My friend Rex posted a note on Twitter saying I probably was not impressed. He got it right. I was not.
Surprisingly, Steve Jobs understood what the issue is -- Does he love his customers? His response was to invite his drinking buddies to hear him knock off a few one-liners about how much he loves his customers.
"I do love my customers! But look at how unreasonable they're being. We never buy them flowers, none of us do. Open the door? We're engineers. Should we care they don't use their phones as phones anymore because they've become a laughing stock, a punchline?"
Even Woz knows -- you gotta carry a Verizon phone. If you want to talk.
Yeah, he hasn't learned how to manage PR. He's still coasting on the boyish charm he doesn't know he no longer has.
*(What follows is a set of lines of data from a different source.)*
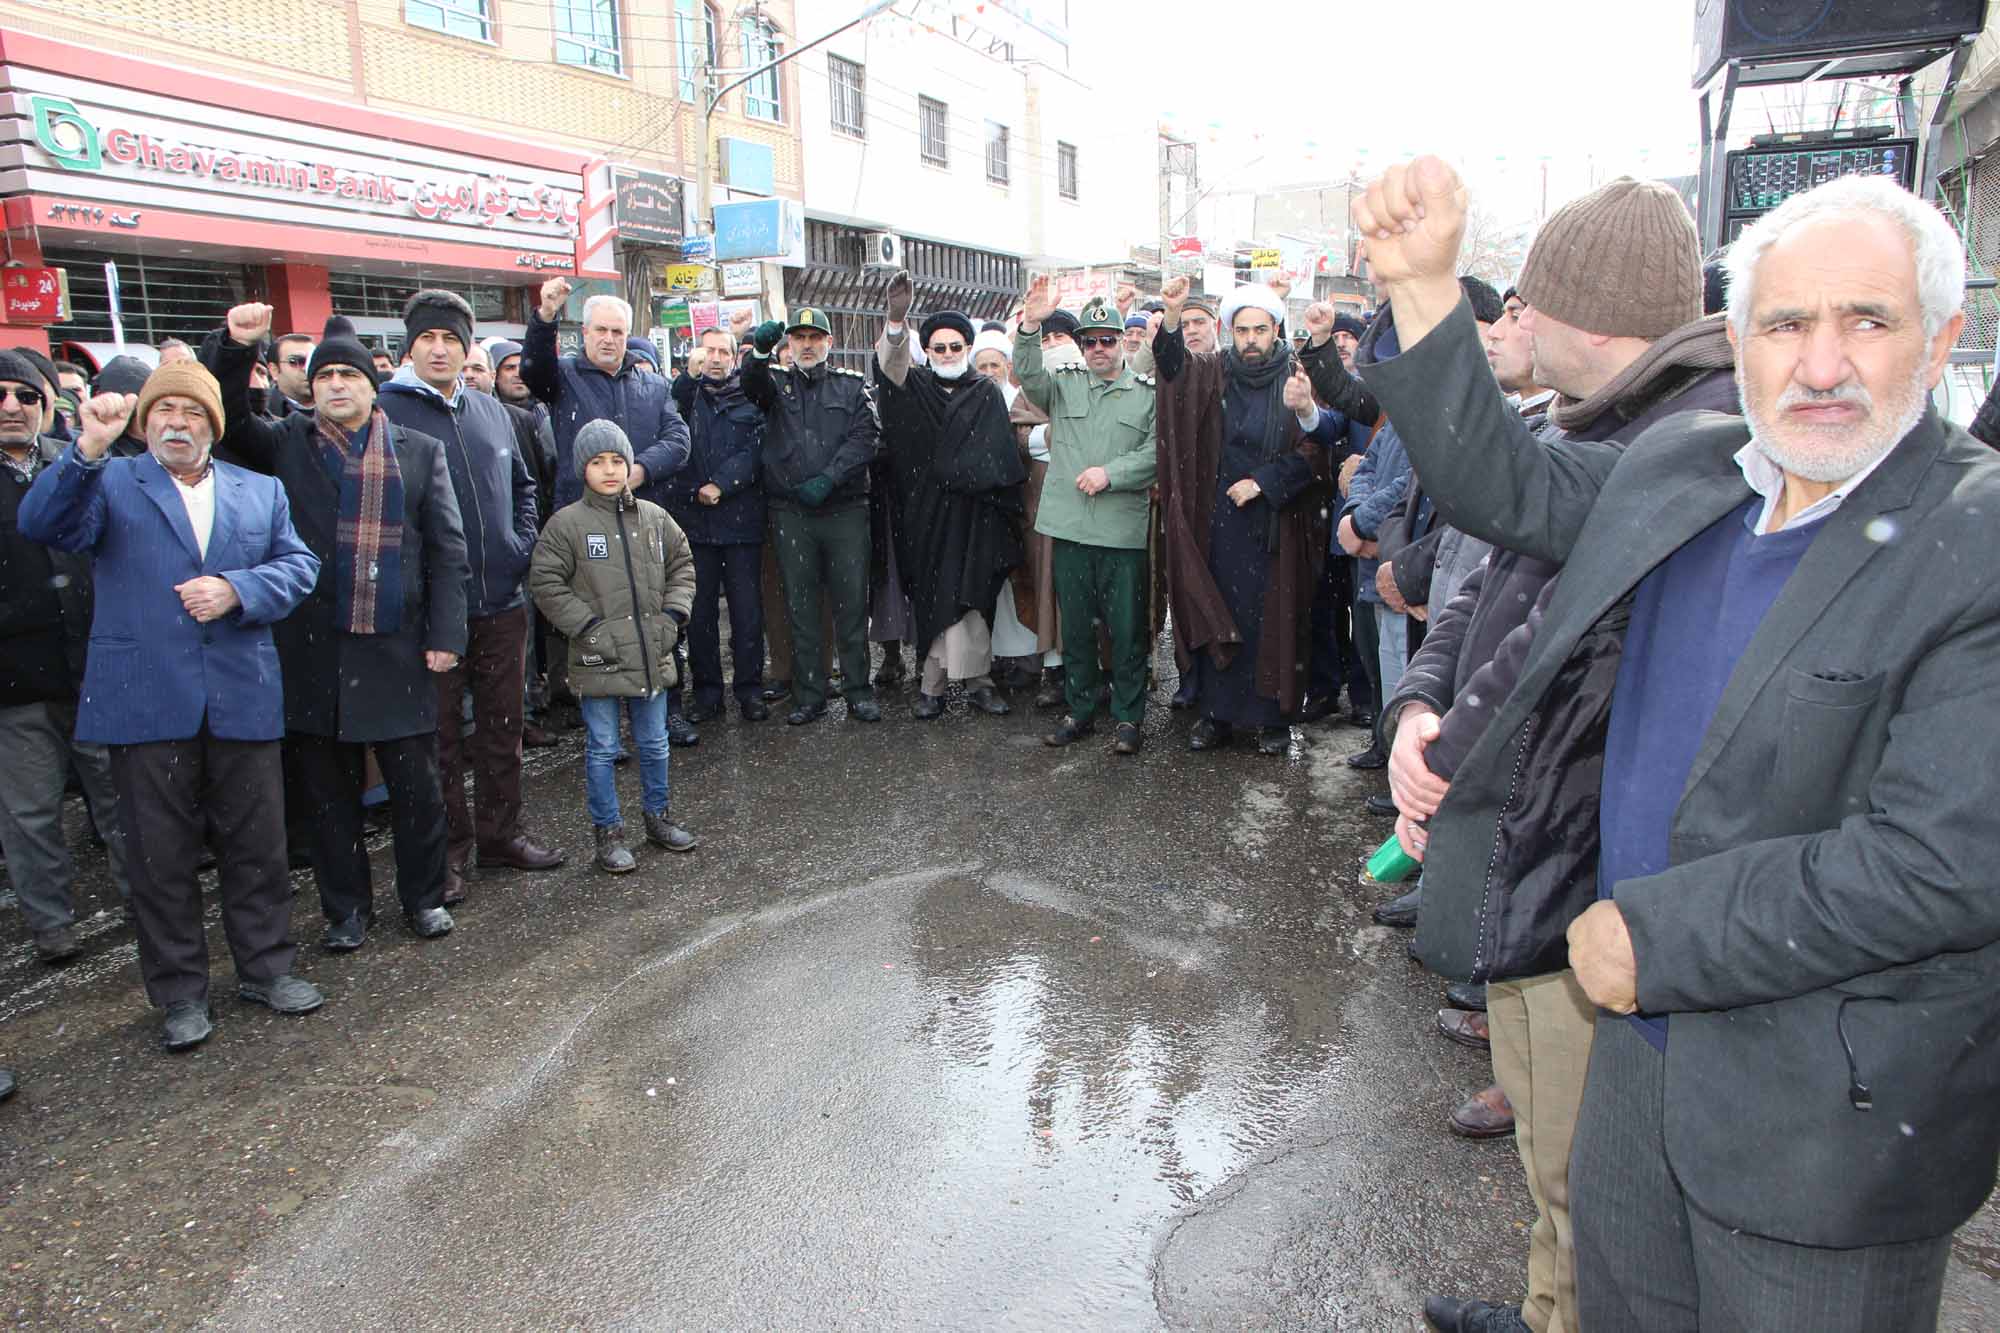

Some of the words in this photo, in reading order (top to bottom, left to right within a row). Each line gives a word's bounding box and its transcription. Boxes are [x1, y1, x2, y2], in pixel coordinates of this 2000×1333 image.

[106, 128, 309, 192] Ghavamin
[315, 162, 399, 203] Bank
[414, 174, 510, 227] قوامین
[516, 186, 580, 239] بانک
[39, 279, 54, 294] 24
[590, 543, 606, 555] 79
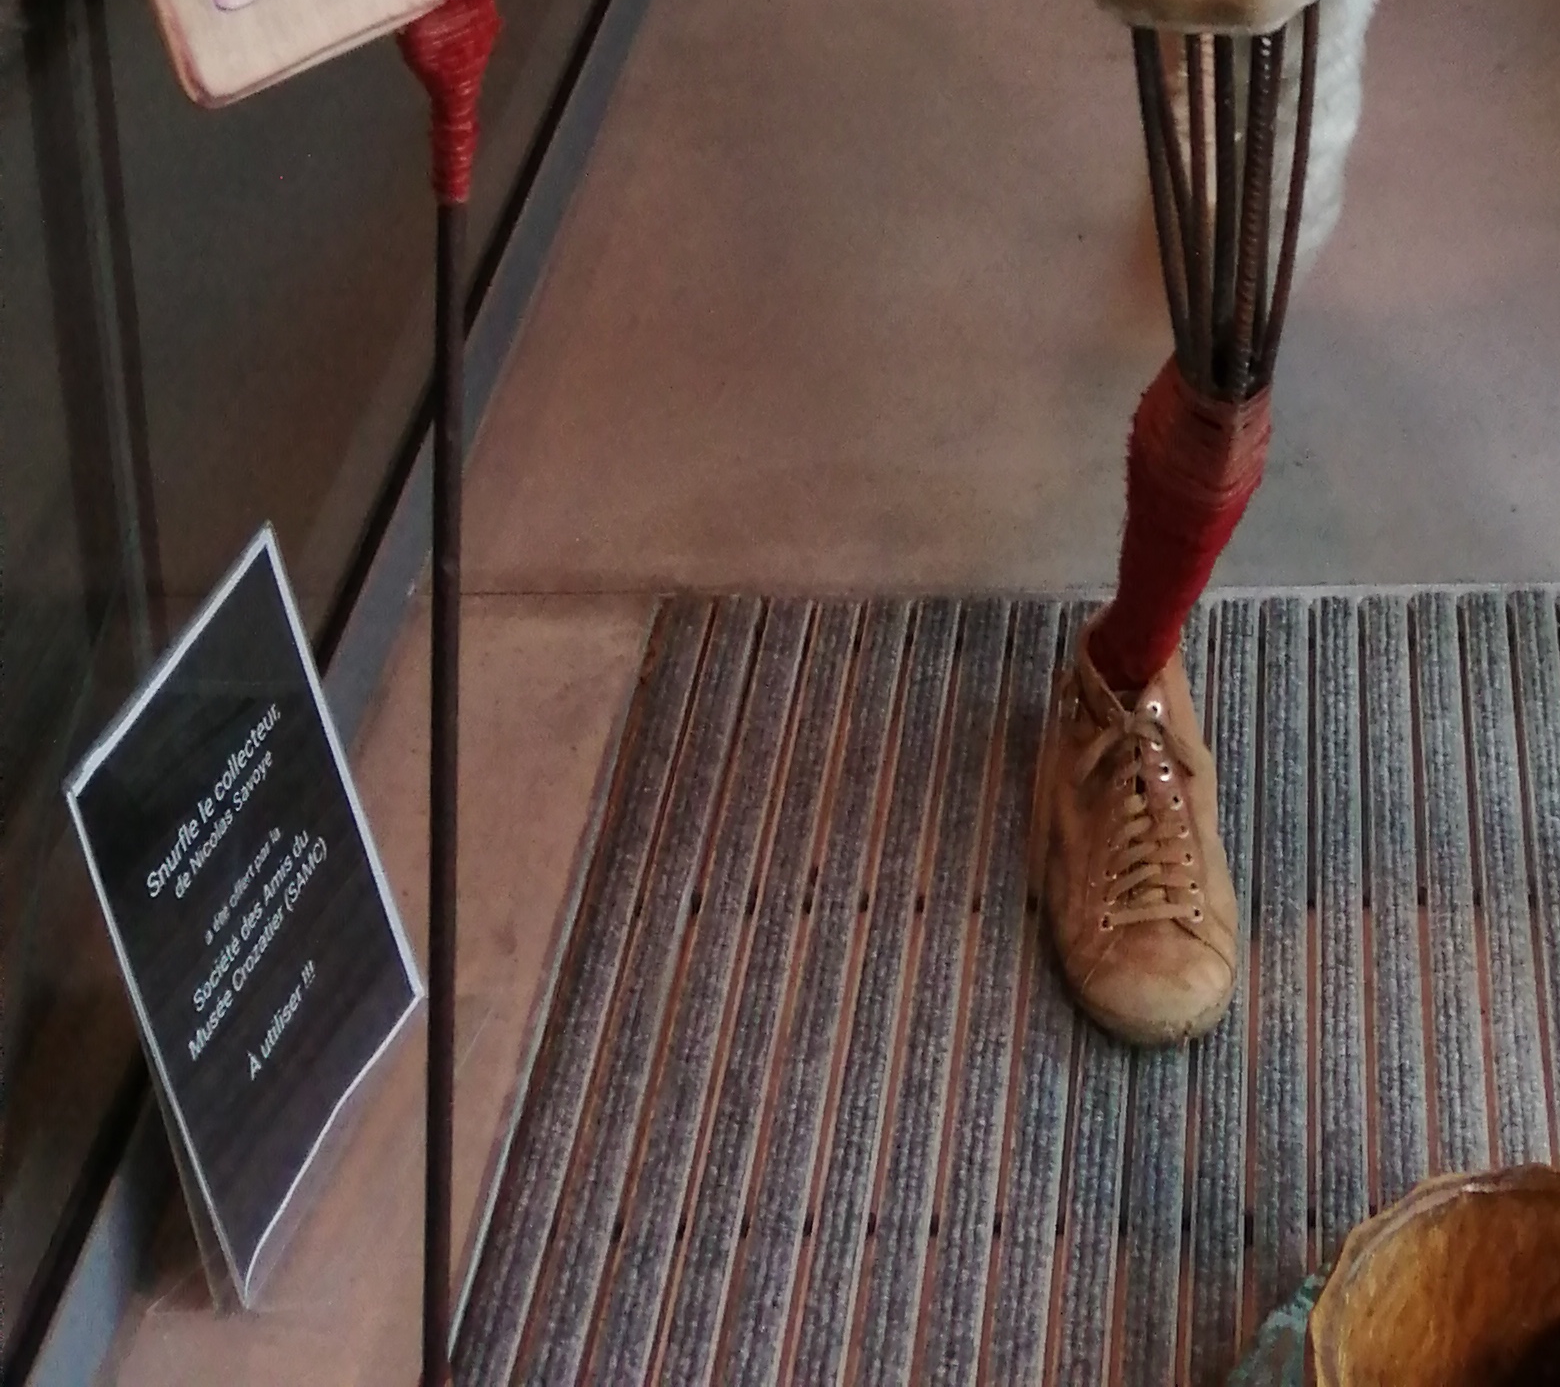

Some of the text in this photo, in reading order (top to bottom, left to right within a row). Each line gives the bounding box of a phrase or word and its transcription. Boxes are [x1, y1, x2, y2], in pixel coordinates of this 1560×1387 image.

The bumper is a nice gesture, but even with that he's complaining that you don't need it, and they can't make enough of them, but if you insisssssst. And the lack of culpability, the lack of a "We're going to do better," the defensive "We're not perfect" are all big problems.
Update: A reader asked "So what should he have said?" I replied...
"Well, we got a little too big for our britches there, and damn if we weren't thinking more about us and less about you. That's wrong. We're here to serve you, and we failed at that. We are going to try to do better in the future, but I can guarantee that we will fuck up again. When we do, I hope our customers, who we know have a deep commitment to us and our products, will continue to support us. We're just human, but we do our best, all the time, and we hope you'll stick with us, as we try to learn to be the big powerful and successful company that we have become."
Something like that. I'd get down off the pedestal as quickly as possible and cop to being human, and ask for forgiveness, not just now, but in the future. And buy the flowers, and hold open the door, and always say you're sorry.
My grandfather figured that out and taught it to me. "Always pay for your sins," he said. The reason is simple, you're going to pay for them whether you want to or not. The payment is much smaller if you don't resist, so it's good business to tell the customer, repeatedly, over and over, how right she is.